> **PROBLEM TO WORK ON**:
When you copy the material below, keep every line exact and drop the pictures.

------------------------------------

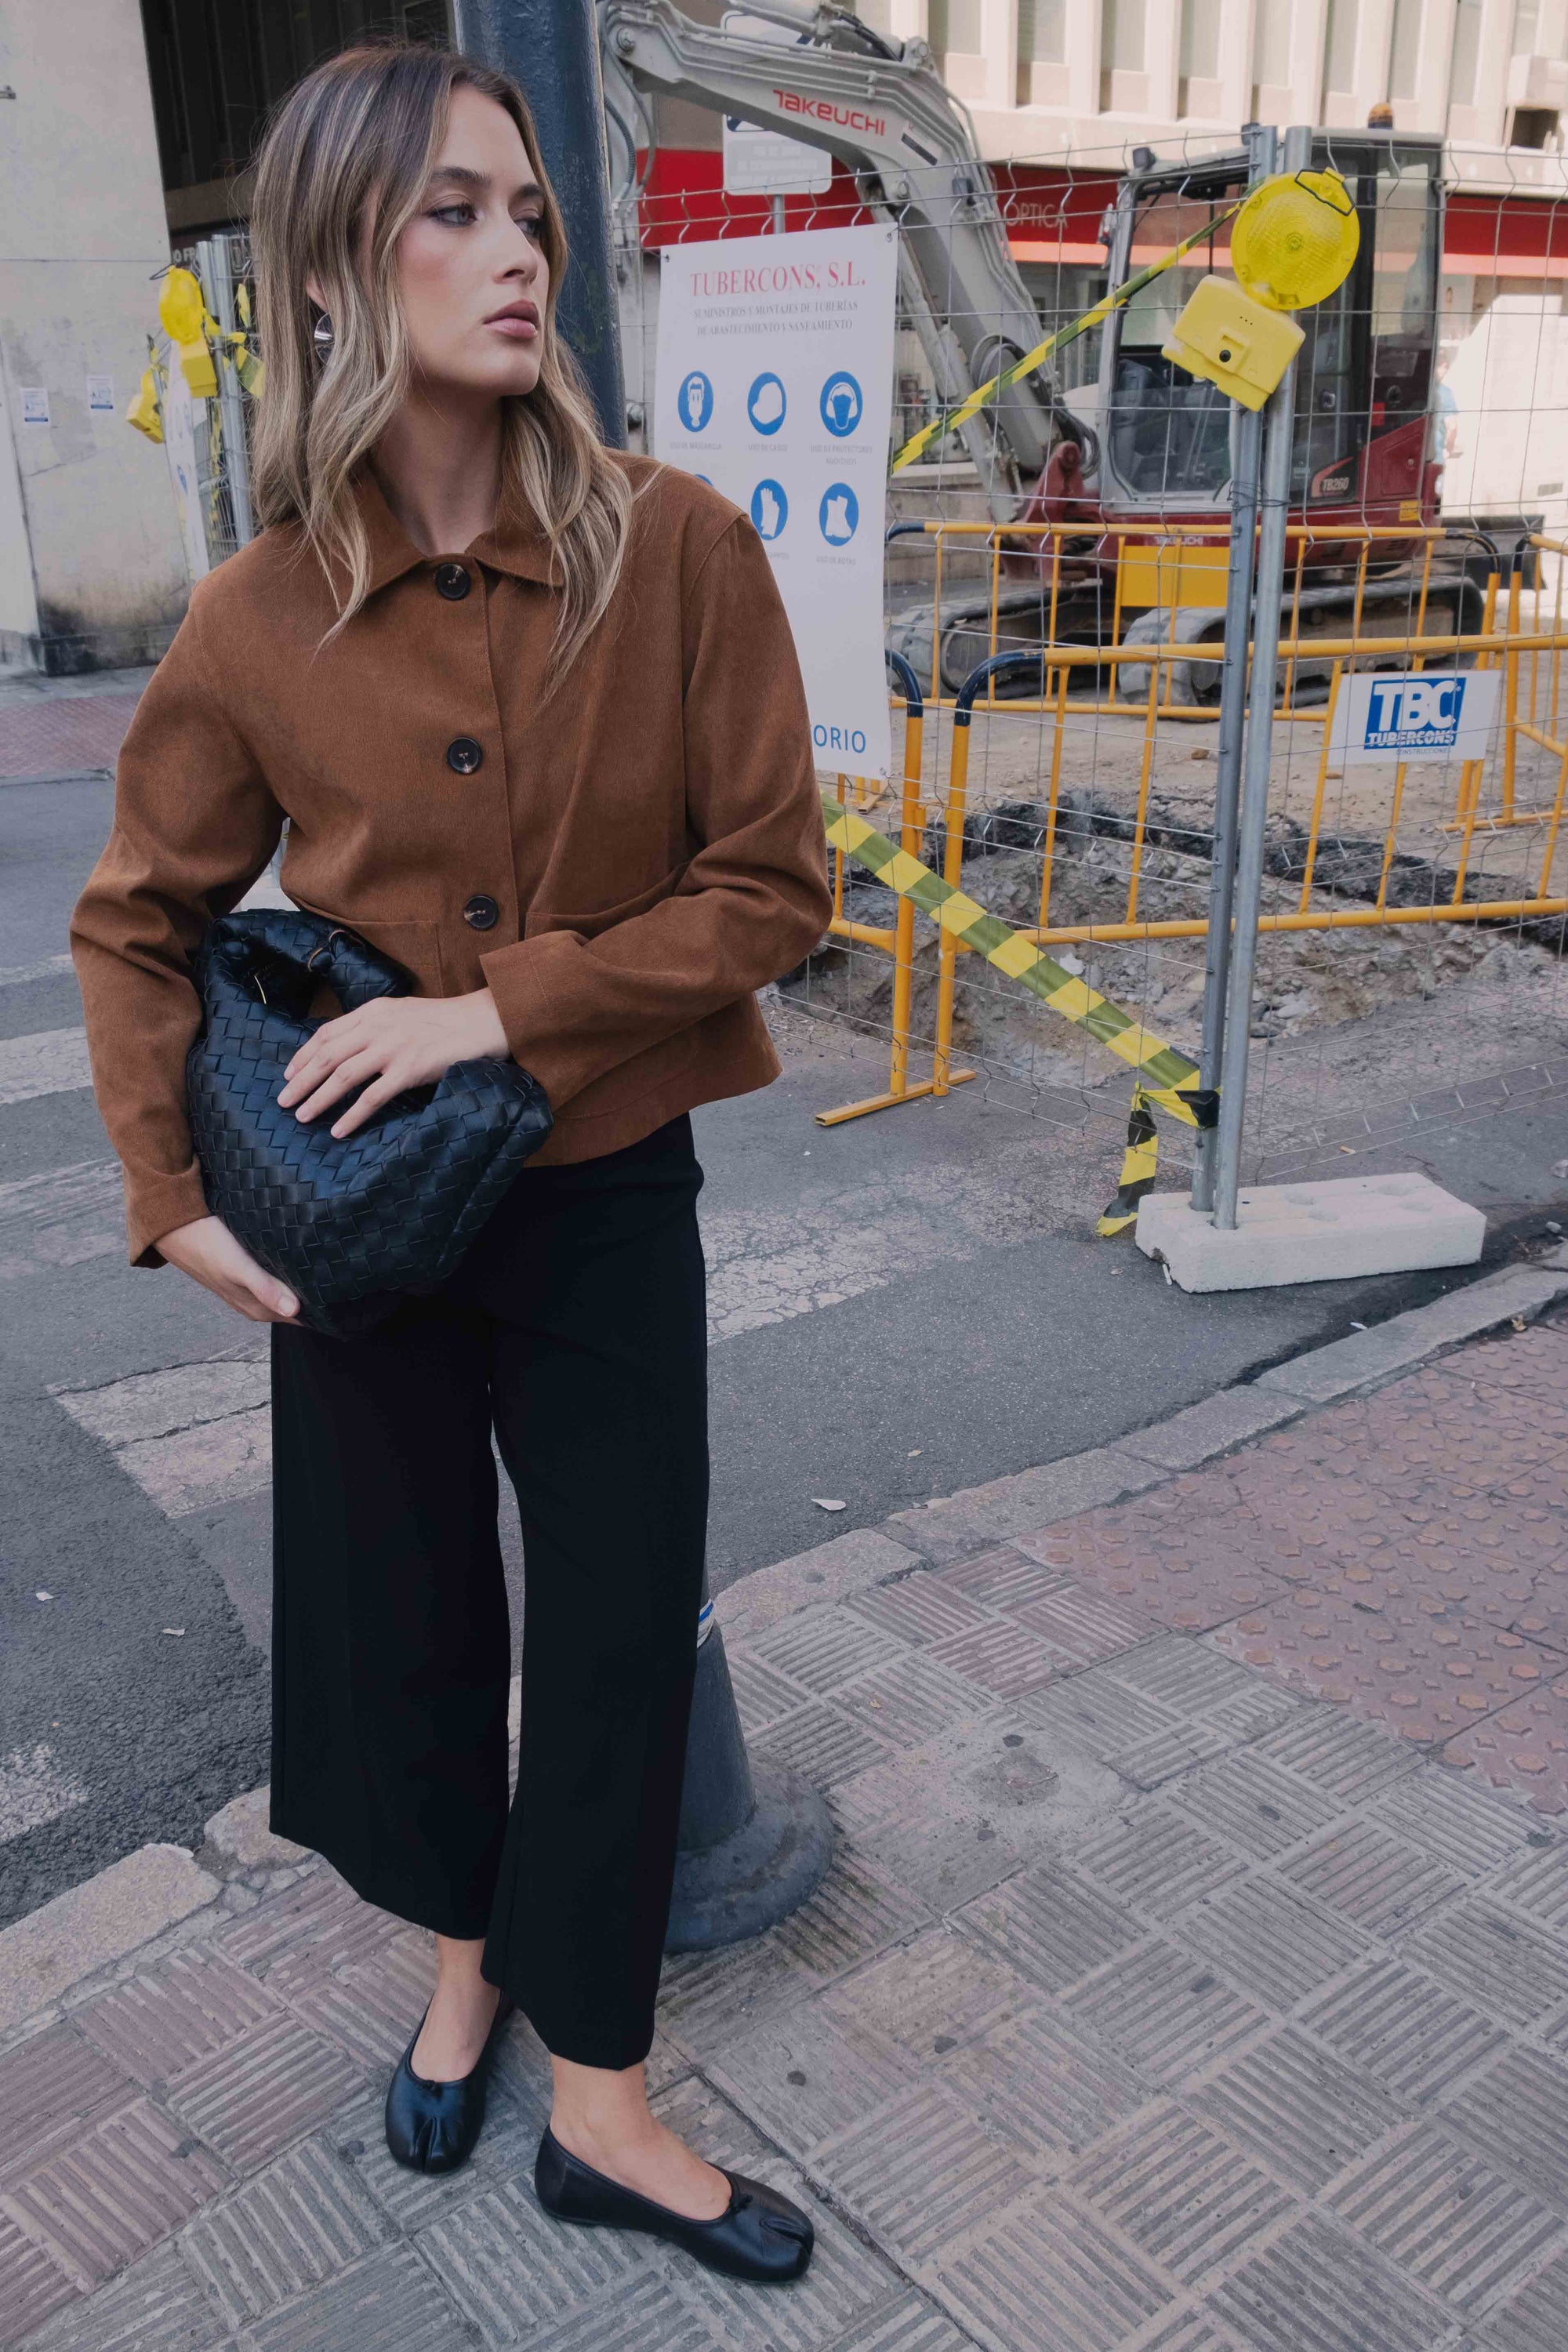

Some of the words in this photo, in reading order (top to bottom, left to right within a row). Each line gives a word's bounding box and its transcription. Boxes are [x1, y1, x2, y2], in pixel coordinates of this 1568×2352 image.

[690, 264, 820, 296] TUBERCONS,
[828, 261, 866, 288] S.L.
[755, 303, 798, 315] MONTAJES
[800, 303, 810, 313] DE
[789, 318, 853, 331] SANEAMIENTO
[1374, 681, 1457, 732] TBC
[1367, 729, 1454, 747] TUBERCONS

------------------------------------

> **TASK OUTPUT**:
Some of the words in this photo, in reading order (top to bottom, left to right within a row). Each line gives a word's bounding box and its transcription. Boxes are [x1, y1, x2, y2], in pixel coordinates of this 1568×2352 image.

[690, 264, 820, 296] TUBERCONS,
[828, 261, 866, 288] S.L.
[755, 303, 798, 315] MONTAJES
[800, 303, 810, 313] DE
[789, 318, 853, 331] SANEAMIENTO
[1374, 681, 1457, 732] TBC
[1367, 729, 1454, 747] TUBERCONS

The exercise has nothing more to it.